Aadhaar gets thumbs up from Supreme Court
Upholds the passage of the Aadhaar Act as a Money Bill; says it fulfils government’s aim to provide dignity to marginalised
The Supreme Court, in a majority opinion on Wednesday, upheld Aadhaar as a reasonable restriction on individual privacy that fulfils the government’s “legitimate aim” to provide dignity to a large, marginalised population living in abject poverty.
“The Constitution does not exist for a few or minority of the people of India, but ‘We the People’,” the Supreme Court observed.
The majority view by Chief Justice of India Dipak Misra and Justices A.K. Sikri and A.M. Khanwilkar declared Aadhaar a “document of empowerment.” An “unparalleled” identity proof. A document that cannot be duplicated unlike PAN, ration card, and passport.
“It is better to be unique than the best. The best makes you number one, but unique makes you the only one,” Justice Sikri, who authored the majority opinion, wrote.
Justice D.Y. Chandrachud wrote a sharp dissent, declaring Aadhaar unconstitutional. Justice Ashok Bhushan, in a separate opinion, concurred with the majority view, saying Aadhaar has been widely accepted. The three opinions of the Constitution Bench span 1,448 pages.
Justice Sikri said technology had become a vital tool for ensuring good governance in a social welfare state. Schemes like PDS, scholarships, mid-day meals, LPG subsidies, involve a huge amount of money and “fool-proof” Aadhaar helped welfare reach the poor.
Upholding the passage of the Aadhaar Act as a Money Bill, the Supreme Court said neither were individuals profiled nor their movements traced when Aadhaar was used to avail government benefits under Section 7 of the Aadhaar Act of 2016.
The statute only sought “minimal” biometric information, and this did not amount to invasion of privacy.
Bar on bank-mobile link
The majority opinion upheld the PAN-Aadhaar linkage, but declared linking Aadhaar with bank accounts and mobile SIM cards unconstitutional.
The court insulated children from the Aadhaar regime. The card was not necessary for children aged between six and 14 under the Sarva Shiksha Abhiyan as right to education was a fundamental right.
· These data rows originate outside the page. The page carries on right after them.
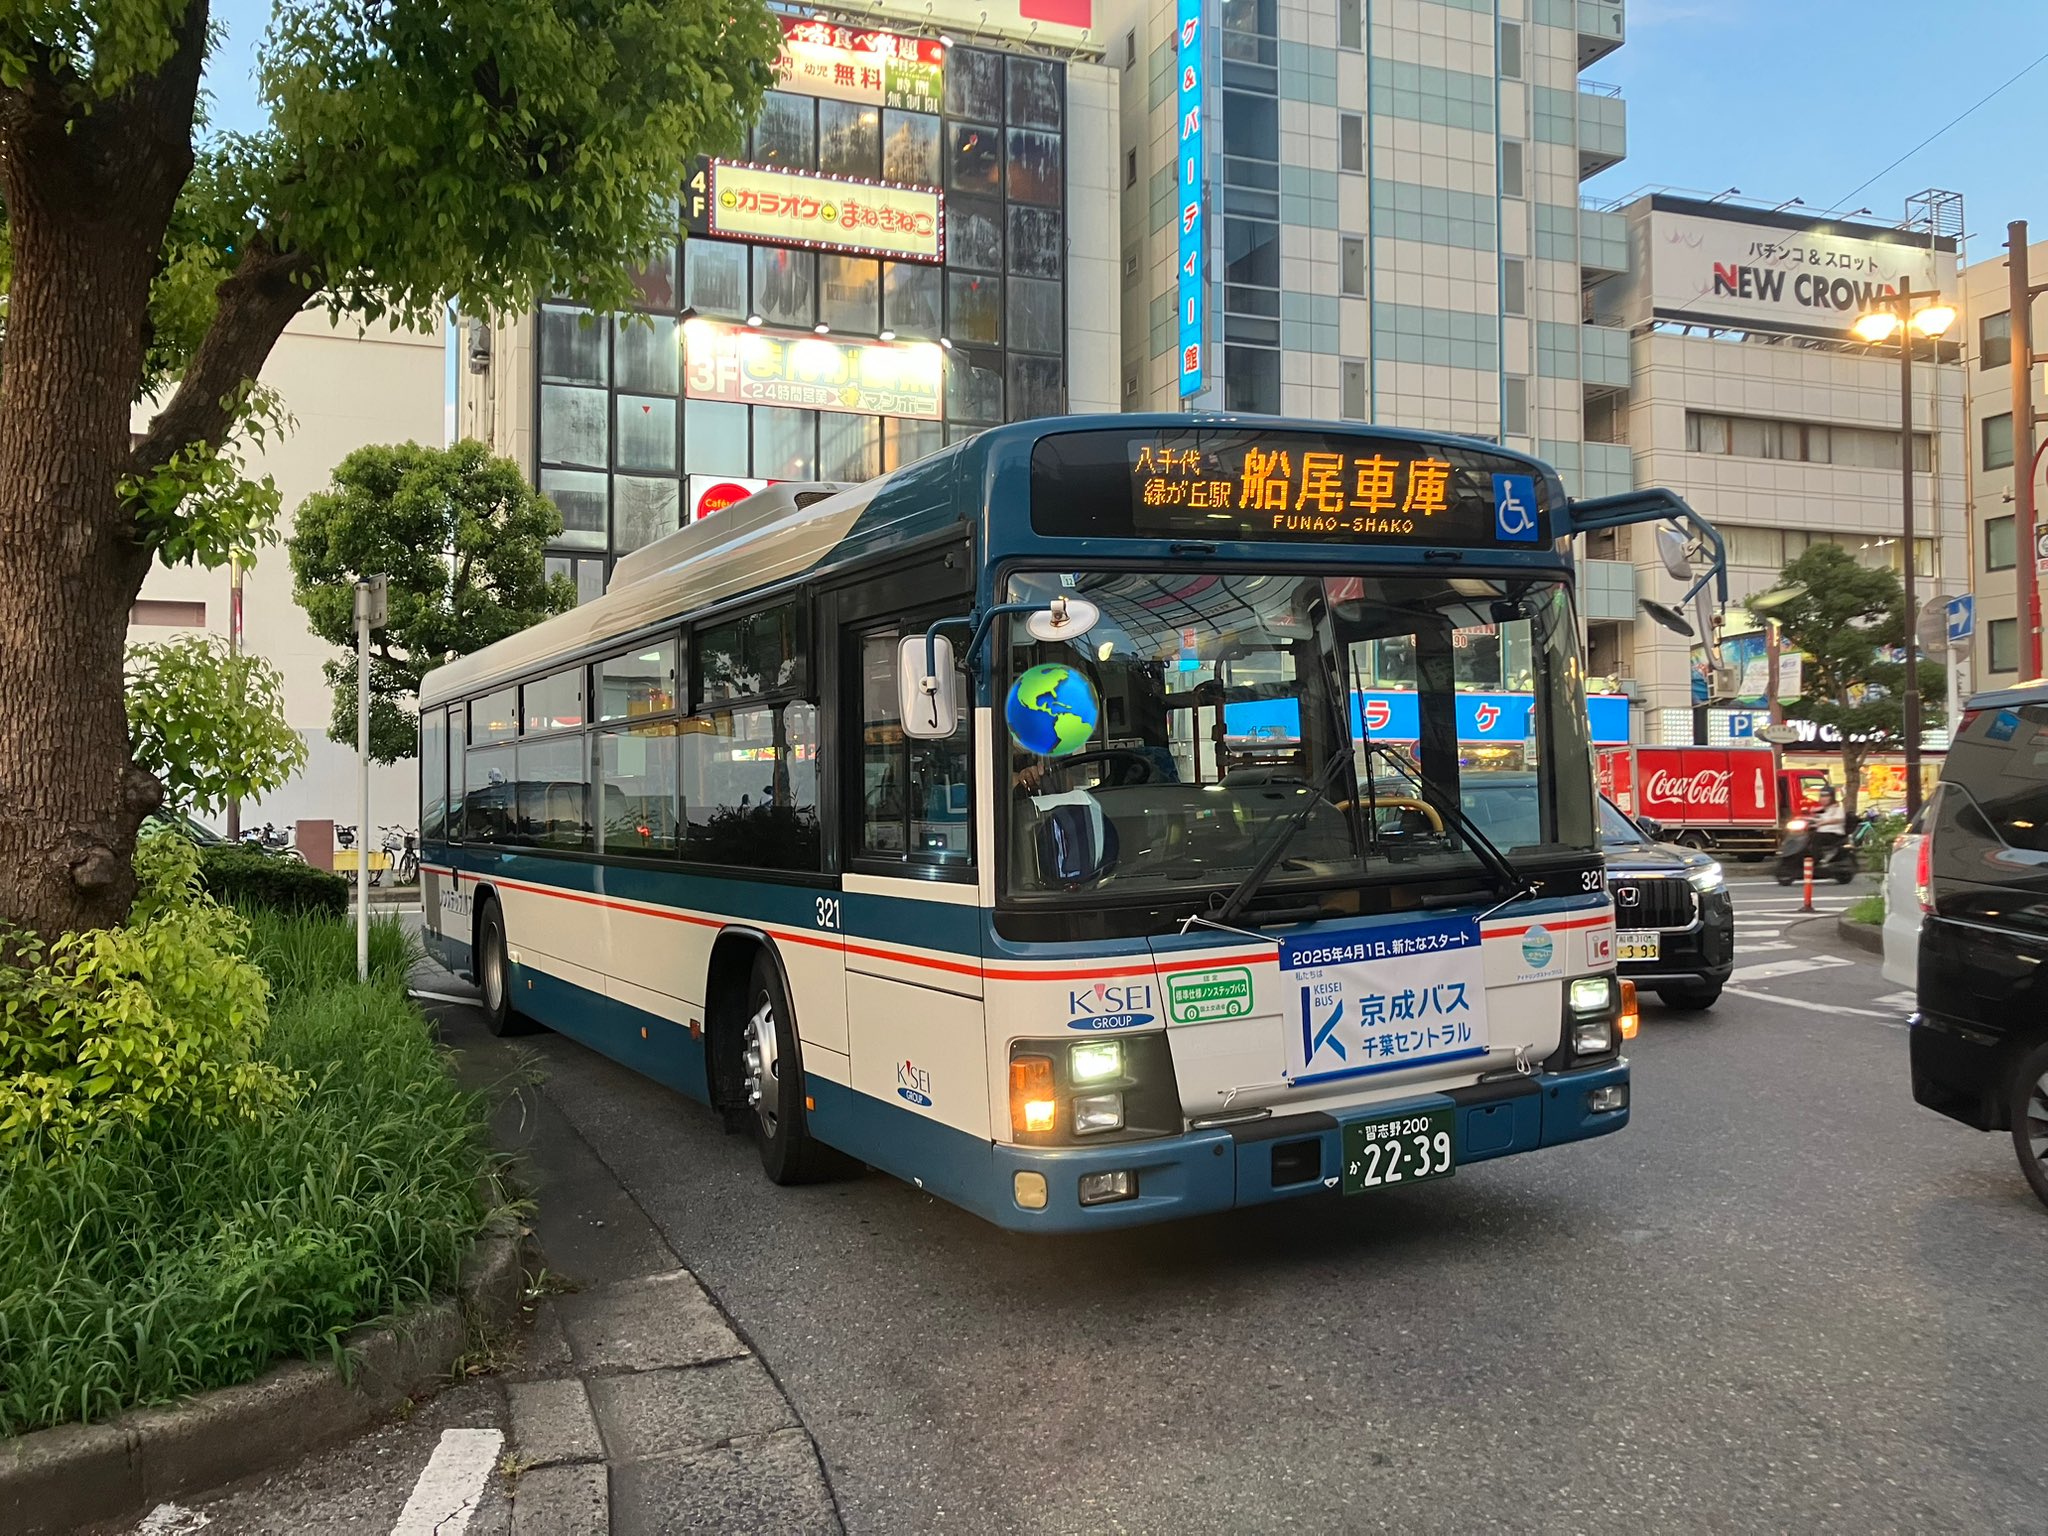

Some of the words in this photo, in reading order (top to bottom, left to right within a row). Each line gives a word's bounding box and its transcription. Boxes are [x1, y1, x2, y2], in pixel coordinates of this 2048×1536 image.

[834, 63, 882, 90] 無料
[737, 190, 821, 221] カラオケ
[840, 199, 934, 237] まねきねこ
[1714, 262, 1786, 302] NEW
[689, 350, 739, 394] 3F
[752, 382, 829, 406] 24時間営業
[1135, 447, 1201, 475] 八千代
[1144, 479, 1231, 508] 緑が丘駅
[1239, 447, 1451, 516] 船尾車庫
[1273, 514, 1414, 533] FUNAO-SHAKO
[1365, 701, 1391, 730] ラ
[1475, 702, 1500, 732] ケ
[1646, 769, 1734, 805] Coca-Cola
[1582, 870, 1604, 891] 321
[816, 896, 841, 929] 321
[1292, 930, 1470, 966] 2025年4月1日、新たなスタート
[1296, 969, 1323, 981] 私たちは
[1313, 982, 1342, 995] KEISEI
[1315, 995, 1334, 1008] BUS
[1359, 982, 1470, 1028] 京成バス
[1092, 1016, 1132, 1029] GROUP
[1362, 1021, 1471, 1059] 千葉セントラル
[1363, 1131, 1451, 1187] 22-39
Statutory bodies like CBSE and UGC cannot ask students to produce their Aadhaar cards for examinations like NEET and JEE. Permission of parents and guardians was a must before enrolling children into Aadhaar, the Supreme Court declared. Children once they attained the age of majority could opt out of Aadhaar, the Supreme Court said.
It said it was not trivialising the problem of exclusion faced by the elderly, the very young, the disabled and several others during the authentication process.
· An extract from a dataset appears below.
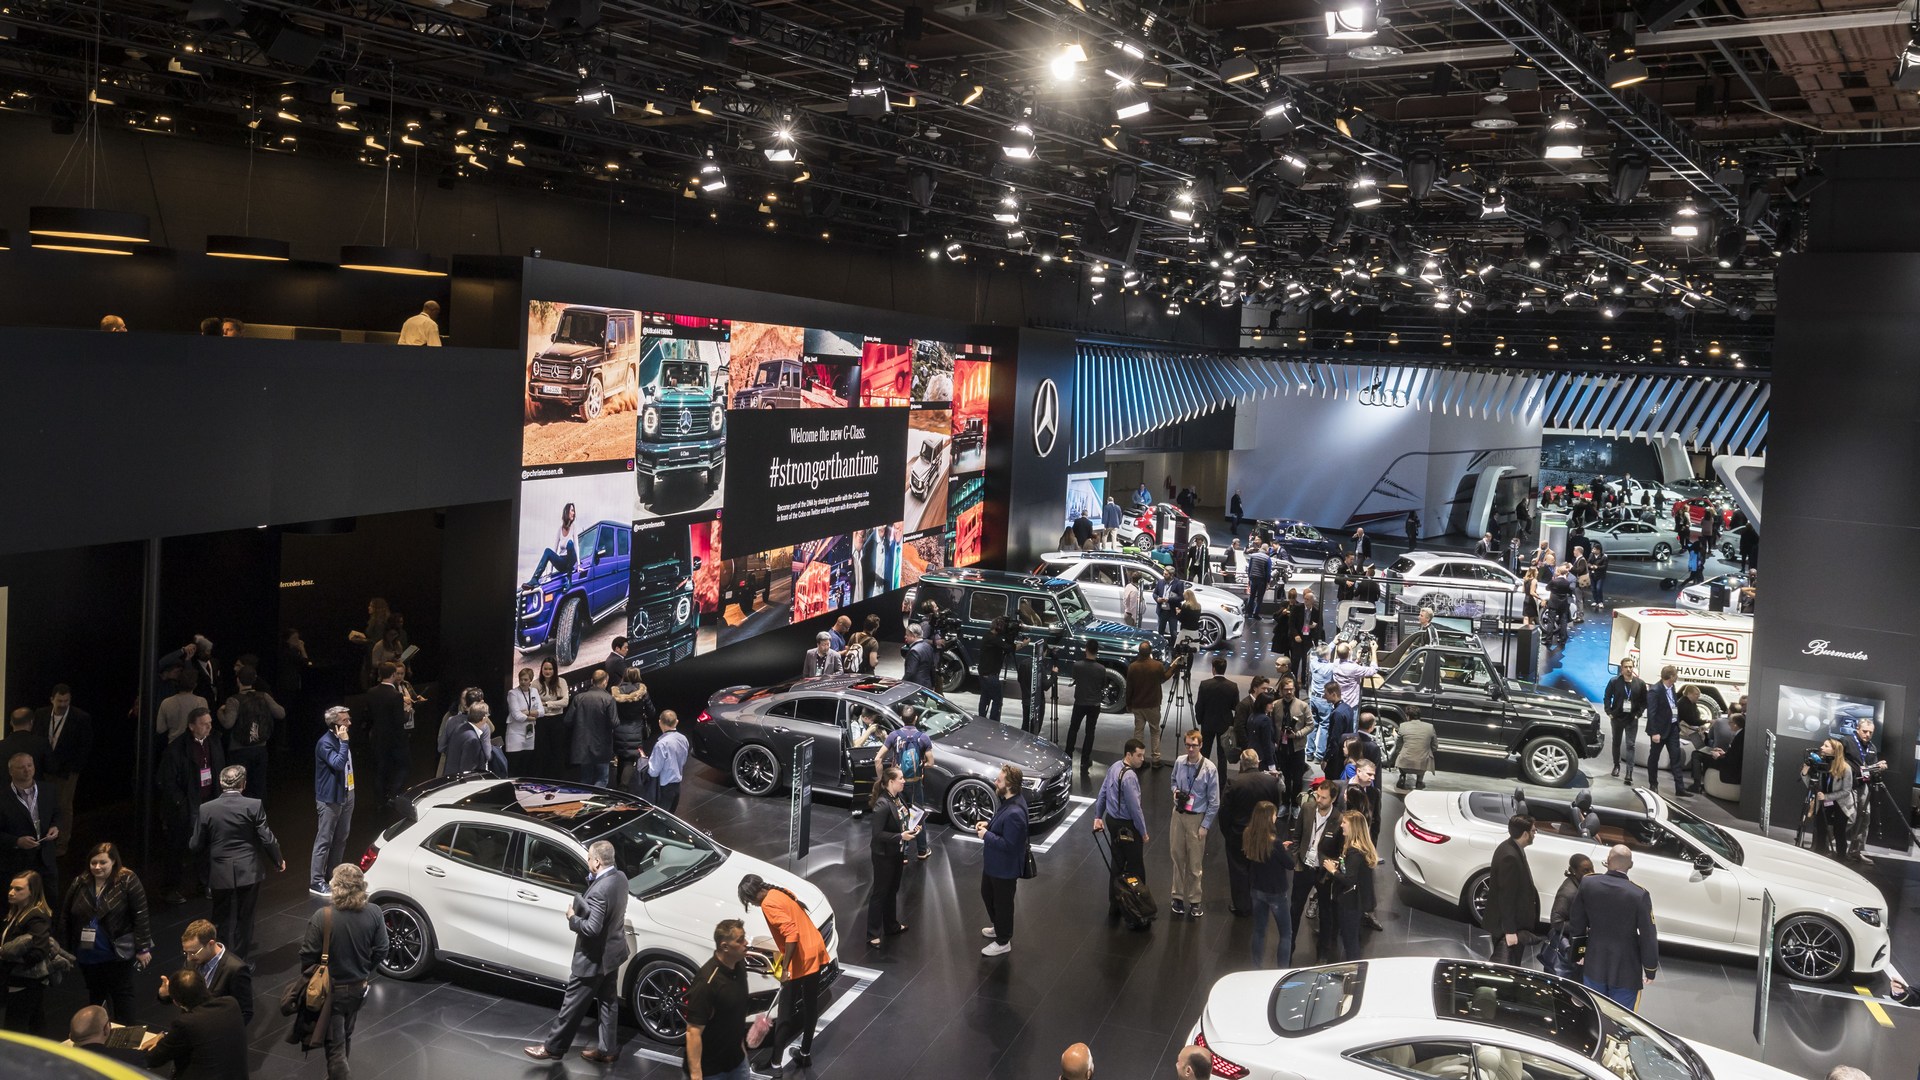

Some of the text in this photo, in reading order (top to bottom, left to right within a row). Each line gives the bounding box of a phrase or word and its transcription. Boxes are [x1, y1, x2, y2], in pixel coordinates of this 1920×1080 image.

Authentication was found to be only having a .232% failure, Justice Sikri pointed out. It was accurate 99.76% times, Justice Sikri said.
He reasoned that dismantling the scheme would only disturb this 99.76%.
The Supreme Court, in its majority opinion, said the remedy was to plug the loopholes rather than axe Aadhaar.
“We cannot throw the baby out with the bath water,” Justice Sikri wrote.
The court further directed the government and the Unique Identification Authority of India (UIDAI) to bring in regulations to prevent rightfully entitled people from being denied benefits.
Countering the argument that the Aadhaar regime would facilitate the birth of a “surveillance state”, Justice Sikri wrote that Aadhaar exhibited no such tendencies. Authentication transactions through Aadhaar did not ask for the purpose, nature or location of the transaction.
Besides, information was collected in silos and their merging was prohibited. The authentication process was not expanded to the Internet. The collection of personal data and its authentication was done through registered devices. The Authority did not get any information related to the IP address or the GPS location from where authentication was performed. “The Aadhaar structure makes it very difficult to create the profile of a person,” Justice Sikri reasoned.
However, the Supreme Court quashed or read down several provisions in the Aadhaar Act in order to de-fang any possibility of the state misusing data.
For one, the court held that authentication records should not be retained for more than six months. It declared the archiving of records for five years as “bad in law.” It also prohibited the creation of a metabase for transactions.
It read down Section 33 (1), which allowed the disclosure of Aadhaar information on the orders of a District Judge. This cannot be done now without giving the person concerned an opportunity to be heard.
The Supreme Court struck down Section 33(2), which allowed the disclosure of Aadhaar information for national security reasons on the orders of an officer not below a Joint Secretary.
It held that an officer above the Joint Secretary rank should first consult with a judicial officer, possibly a High Court judge, and both should decide whether information need to be disclosed in the national interest.
The court has struck down Section 47, which allows only the UIDAI to file criminal complaints of Aadhaar data breach.
Finally, it quashed that part of Section 57 of the Act which permits private companies from using Aadhaar data to authenticate a person.